The following is excerpted from “With the Grain,” by Christian Becksvoort.
It is, above all, succinct, easy to understand and perfectly suited for the furniture-maker. As important as what is in its 160 pages is what is not. It’s not a detailed analysis of cell growth. It is not a heap of tables and equations for figuring truss loads in residential construction. It is decidedly not a scientist’s approach to the material.
Instead, “With the Grain” contains the facts you need to know at the lumberyard, in the woodlot and in the shop. It gives you enough science so you understand how trees grow. It explains the handful of formulas you have to know as a furniture-maker. And it gives you a hearty dose of specific information about North American species that will inspire you. Becksvoort encourages you to use the trees in your neighborhood and makes the case that just because you cannot find catalpa at the lumberyard doesn’t mean it’s not a good furniture wood.
You’ll learn to identify the trees around you from their silhouette, leaves and shoots. And you’ll learn about how these species work in the shop – both their advantages and pitfalls.
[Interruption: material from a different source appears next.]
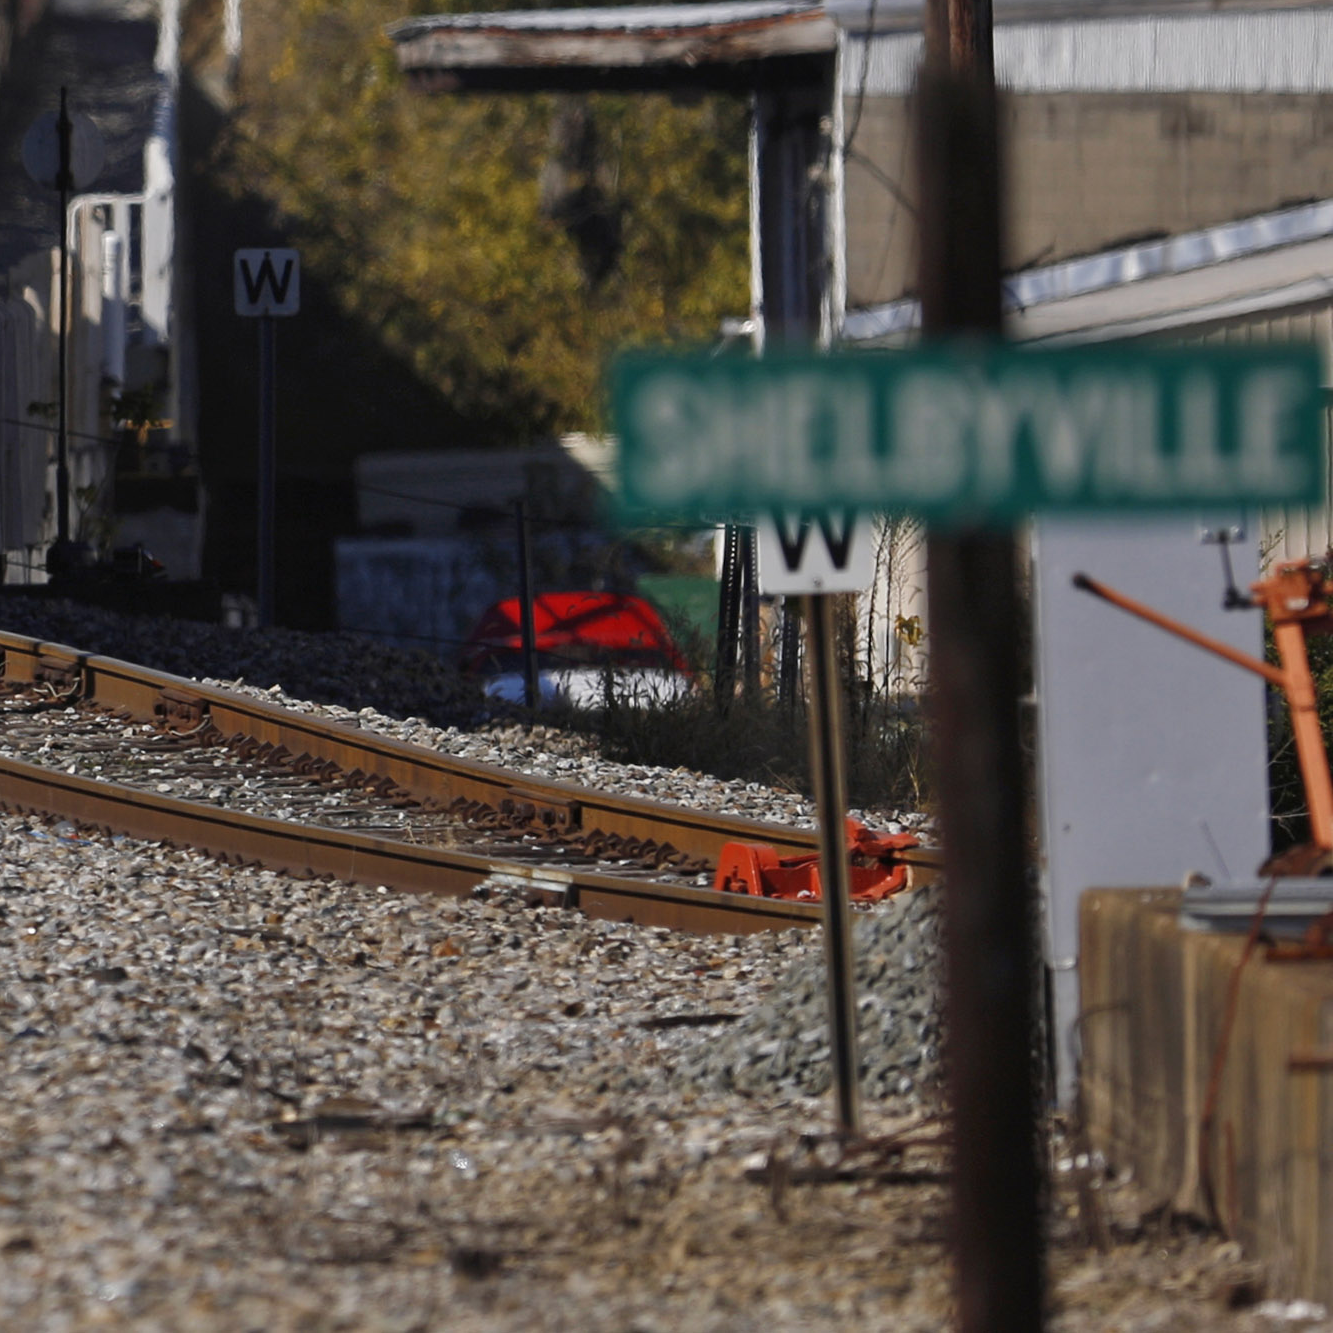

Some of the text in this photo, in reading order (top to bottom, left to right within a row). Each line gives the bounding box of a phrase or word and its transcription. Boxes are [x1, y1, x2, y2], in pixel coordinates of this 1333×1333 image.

Butternut, the closest relative to black walnut, is sometimes called white walnut, oilnut or lemon walnut. It is a rather short, spreading tree growing only to 30′-50′ (9-15 m) in the open, and occasionally reaching 60′-80′ (18-24 m) in the forest. The wood is not as strong as walnut, and branches are subject to wind and snow damage. The trees are short lived, seldom becoming more than 75 years old. Their natural habitat extends from New Brunswick through southern Canada into Wisconsin, south to Missouri and east to Virginia.
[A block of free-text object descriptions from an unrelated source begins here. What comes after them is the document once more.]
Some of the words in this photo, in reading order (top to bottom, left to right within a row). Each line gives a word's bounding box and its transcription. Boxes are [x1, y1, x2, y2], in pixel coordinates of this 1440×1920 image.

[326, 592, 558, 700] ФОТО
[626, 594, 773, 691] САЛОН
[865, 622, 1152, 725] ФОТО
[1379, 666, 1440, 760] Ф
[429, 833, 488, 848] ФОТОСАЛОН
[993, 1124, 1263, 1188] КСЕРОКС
Several differences in leaf, branch and fruit structure make butternut distinguishable from black walnut. Butternut has 11-17 light green, sticky leaflets on its compound leaves, reaching a total of 15″-30″ (38-76 cm) in length. The twigs have a long terminal bud and a small, downy pad between the lateral bud and the leaf scar of the previous year. The pith in the twig is dark brown. The nuts have a green husk and are oval in shape, almost like pecans. The bark is gray-brown and ridged.
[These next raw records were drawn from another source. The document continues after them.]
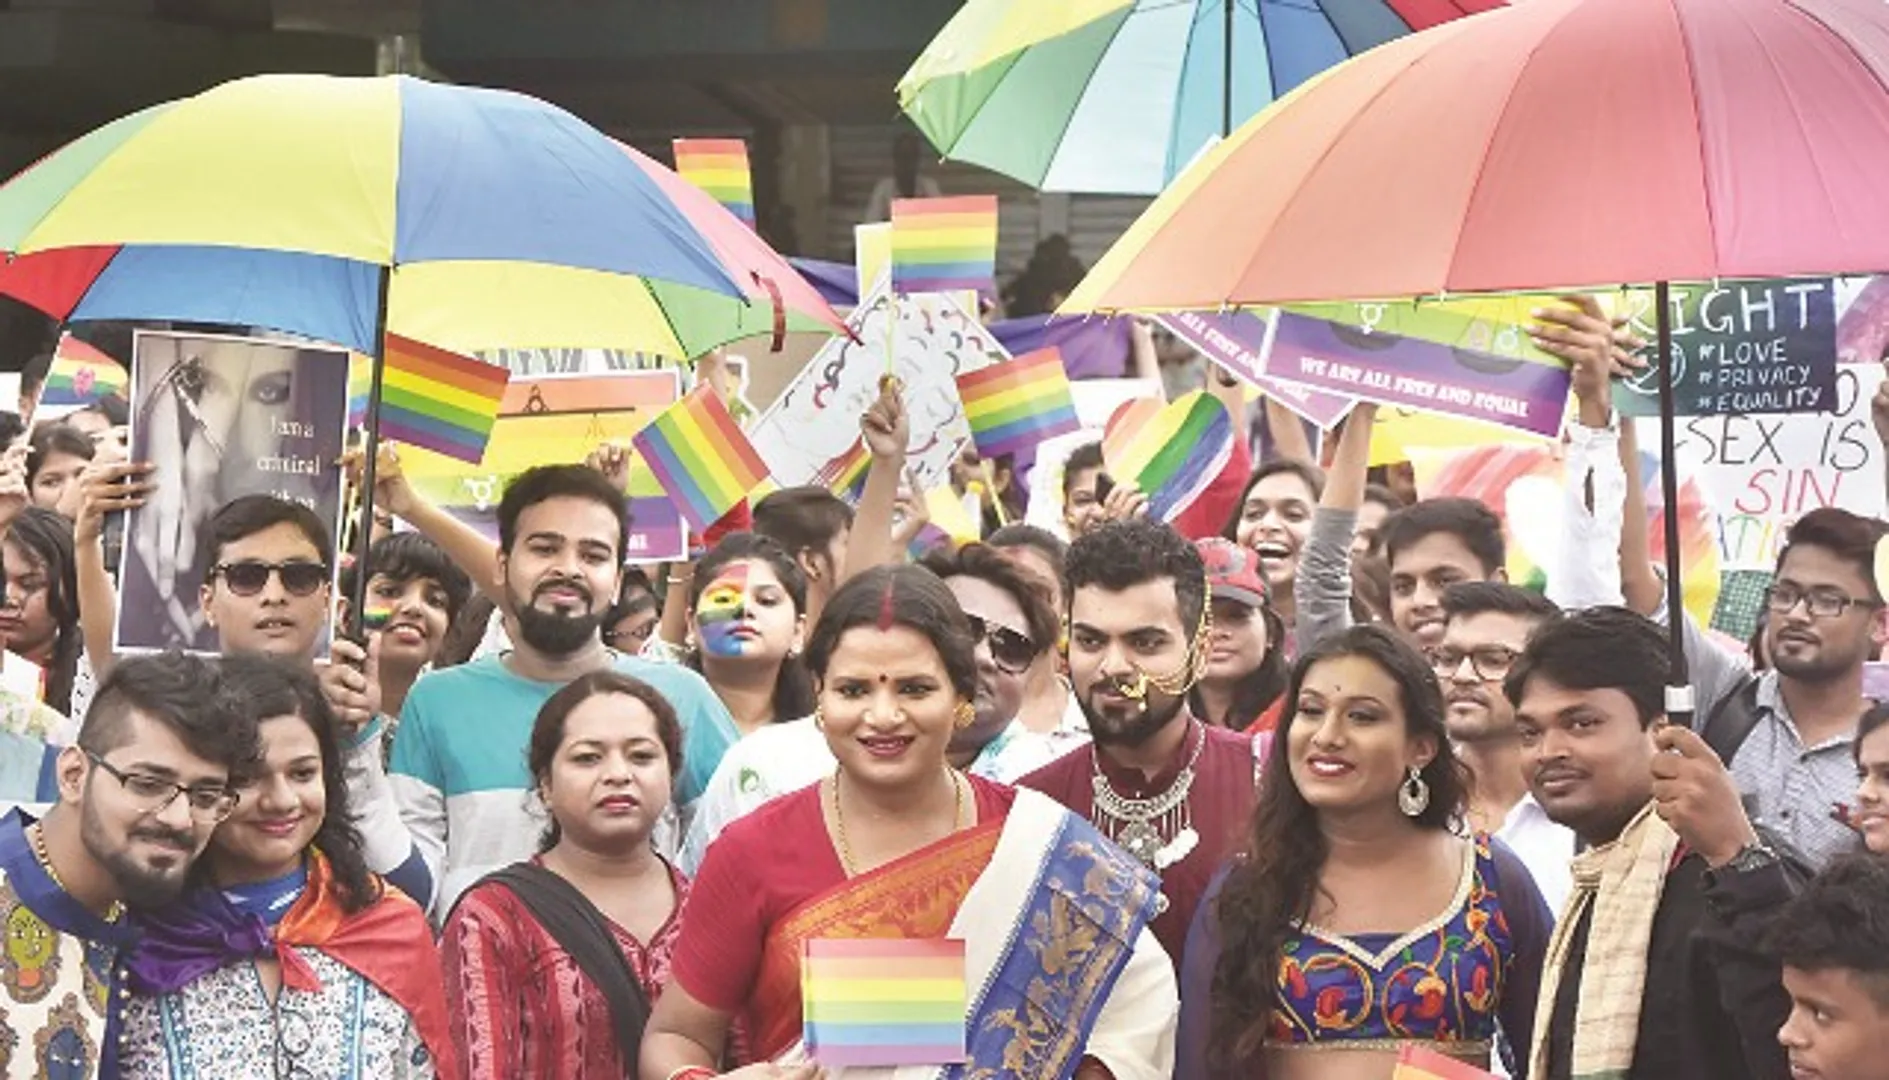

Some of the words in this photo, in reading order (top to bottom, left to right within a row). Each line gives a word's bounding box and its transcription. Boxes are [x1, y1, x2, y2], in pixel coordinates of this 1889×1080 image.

[1301, 357, 1328, 375] WE
[1328, 362, 1362, 383] ARE
[1362, 369, 1392, 391] ALL
[1394, 376, 1437, 396] FREE
[1436, 383, 1472, 406] AND
[1473, 391, 1529, 417] EQUAL
[1735, 468, 1843, 515] SIN
Butternut has light, creamy sapwood less than 1″ (2.5 cm) wide. The heartwood is medium brown and quite lustrous. It is very soft and light in weight, having a density of 27 lb/ft3 or .42 g/cc at 12 percent MC. The pores of this ring-porous wood are easily visible by eye and are filled with tyloses, while the rays are almost too small to be seen. The wood is used in cabinetwork, paneling, veneer, toys and millwork such as doors, sash and trim. It tools and machines well, and is a pleasant wood to work with. Unlike other woods, which darken or bleach with age, butternut tends to remain a medium-brown color.